Think what you will about testing four-year-olds (I think it’s silly) but if a school’s sole criteria for admission is that a four-year-old get a 99 on a test, and the four-year-old got into NEST—assuming that no one’s mommy slept with the Schools Chancellor—then that’s how she got in. The woman on the bus was essentially asking her listener not to think ill of her for casting aspersions on a small child.
If you’re going to cast aspersions on a small child, I say, GO FOR IT!Â In my most petty, immature, loser moments, have cast aspersions on small children. Then I have felt like the rotten, judgmental whiner I can sometimes be. But at least I didn’t ask the person to whom I was speaking to give me a free pass. Do I think that makes me better than the woman on the bus? Yes, by a miniscule margin. I’ll take what I can get, considering I’m the kind of person who once in a while talks trash about 4-year-olds.
Such faux disclaimers have always bothered me somewhat, mostly because they signal that something that I probably don’t want to hear is forthcoming. But what has lowered my blood’s boiling point in the last few years is that I’ve tuned in to how manipulative they are. The person using these phrases is pretending to ask you not to feel the very emotion he is setting you up to feel, so that when you feel it, the implication is that there you are too sensitive.
Grrr. Manipulation of any sort, but particularly verbal manipulation, is something I no longer have patience for. Just say what you want to say, take responsibility for it, and move on!

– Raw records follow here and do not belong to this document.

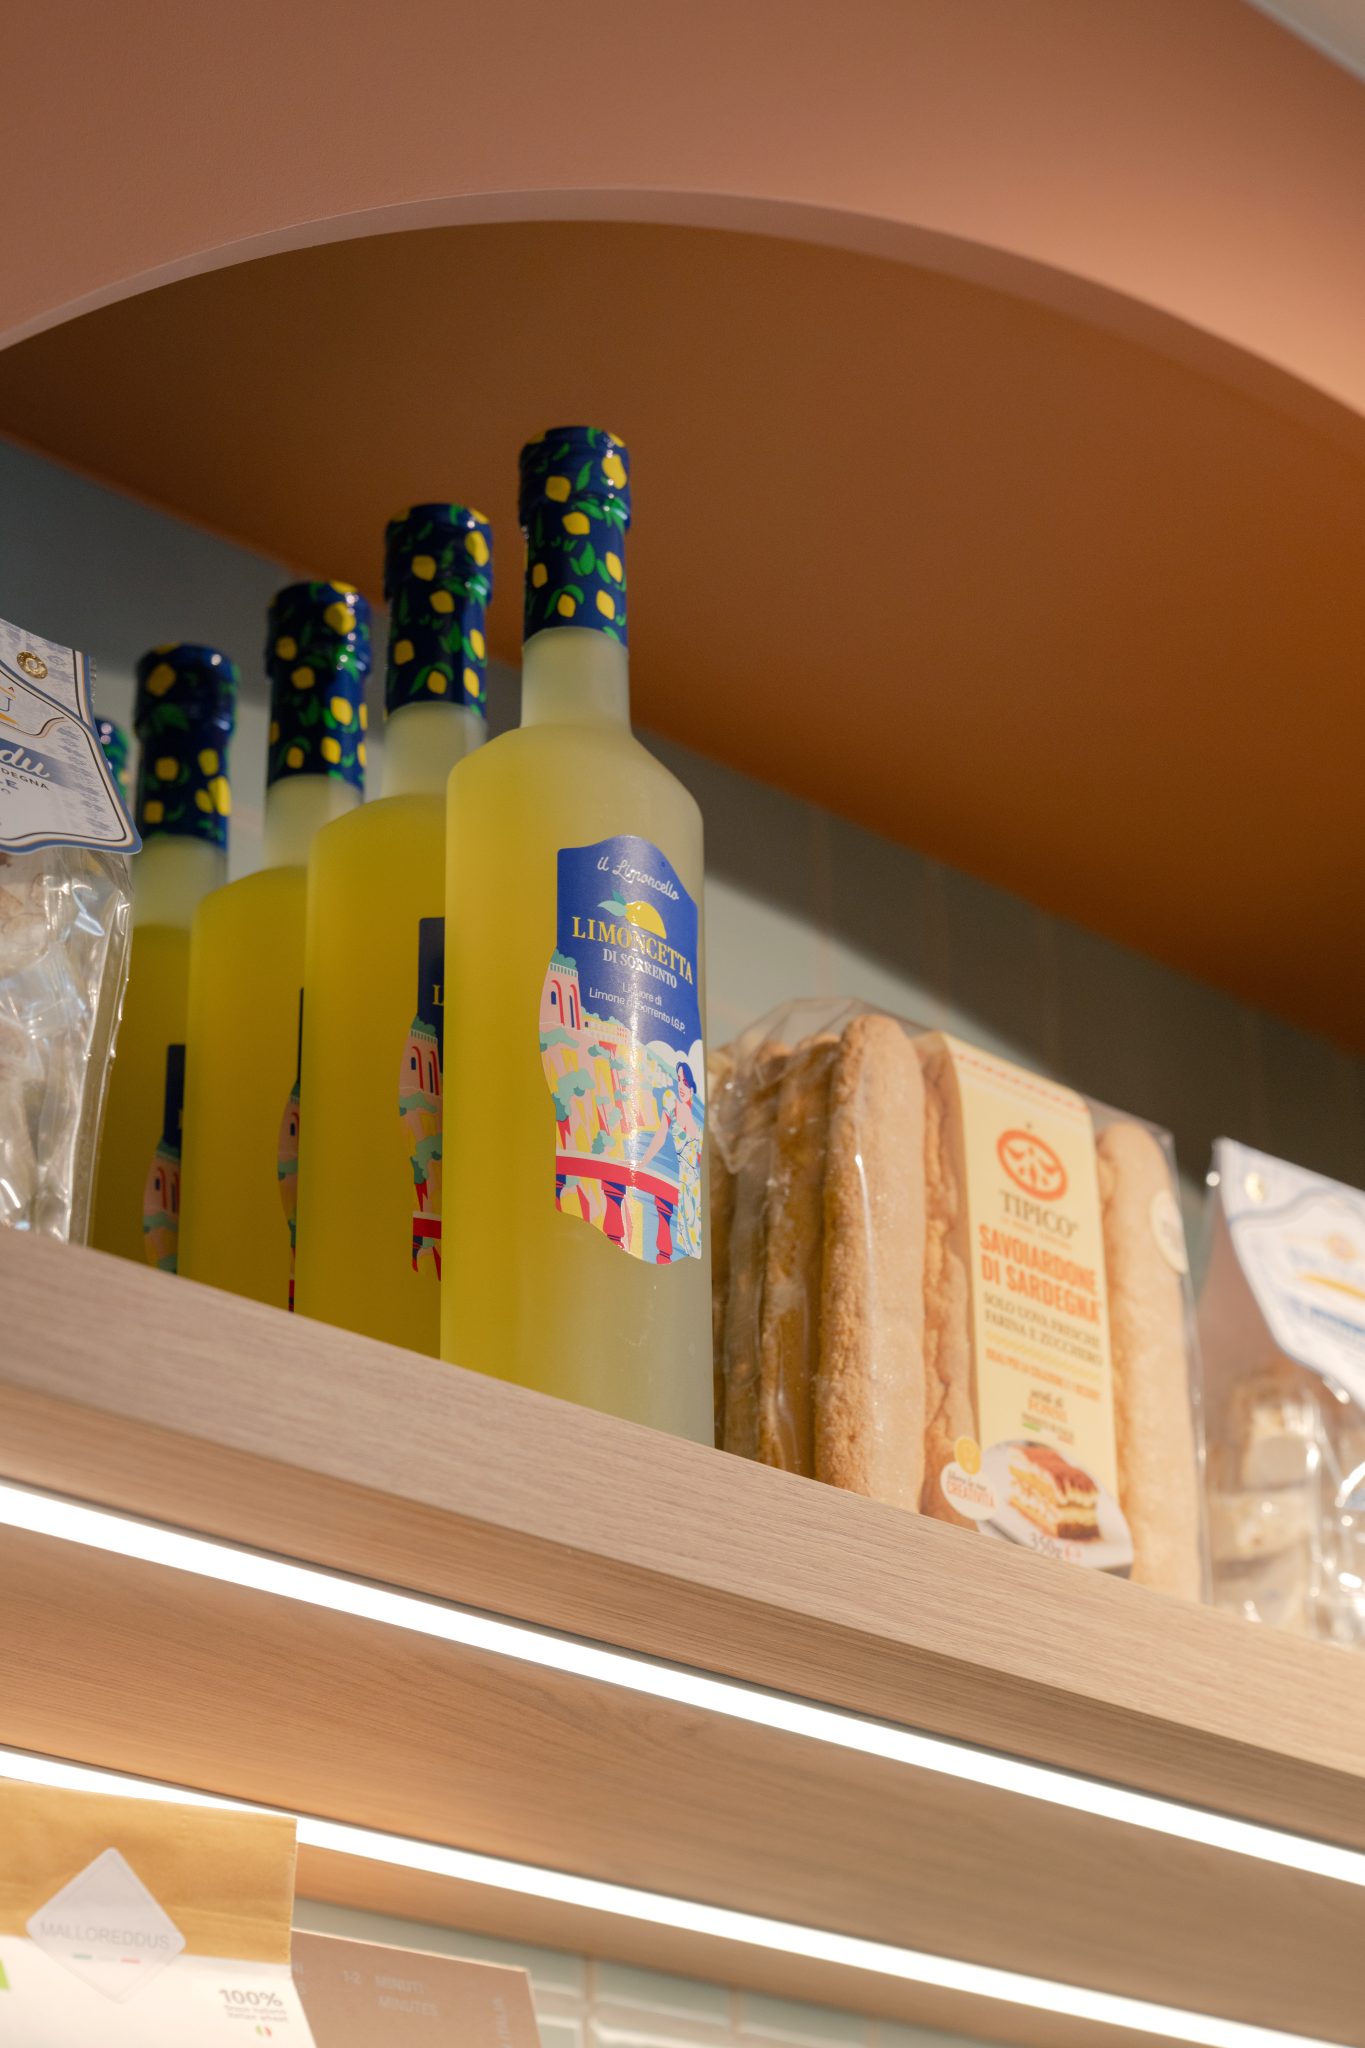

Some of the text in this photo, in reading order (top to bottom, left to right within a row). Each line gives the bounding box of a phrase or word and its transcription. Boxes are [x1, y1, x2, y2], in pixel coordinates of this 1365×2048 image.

[597, 857, 680, 900] il Limoncello
[572, 916, 693, 985] LIMONCETTA
[603, 948, 677, 989] DI SORRENTO
[589, 987, 625, 1005] Limone
[654, 996, 662, 1007] di
[979, 1223, 1098, 1297] SAVOIARDONE
[981, 1254, 1100, 1327] DI SARDEGNA
[39, 1921, 170, 1950] MALLOREDDUS
[219, 1988, 284, 2007] 100%

Also potentially in that category is, “For what it’s worth, I think…” What that really means is, “I’m going to say something I clearly think is valid, because I’m saying it, but I’m asking that you don’t put too much stock in it, in case you think it’s lame.” When this phrase reflects an insecurity on the part of the speaker, it doesn’t bother me. But it does when it is meant to convey, “You are such an opinionated, closed-minded person that I’m going to toss out my thought, fully expecting you to write it off as worthless, because you do that all the time.”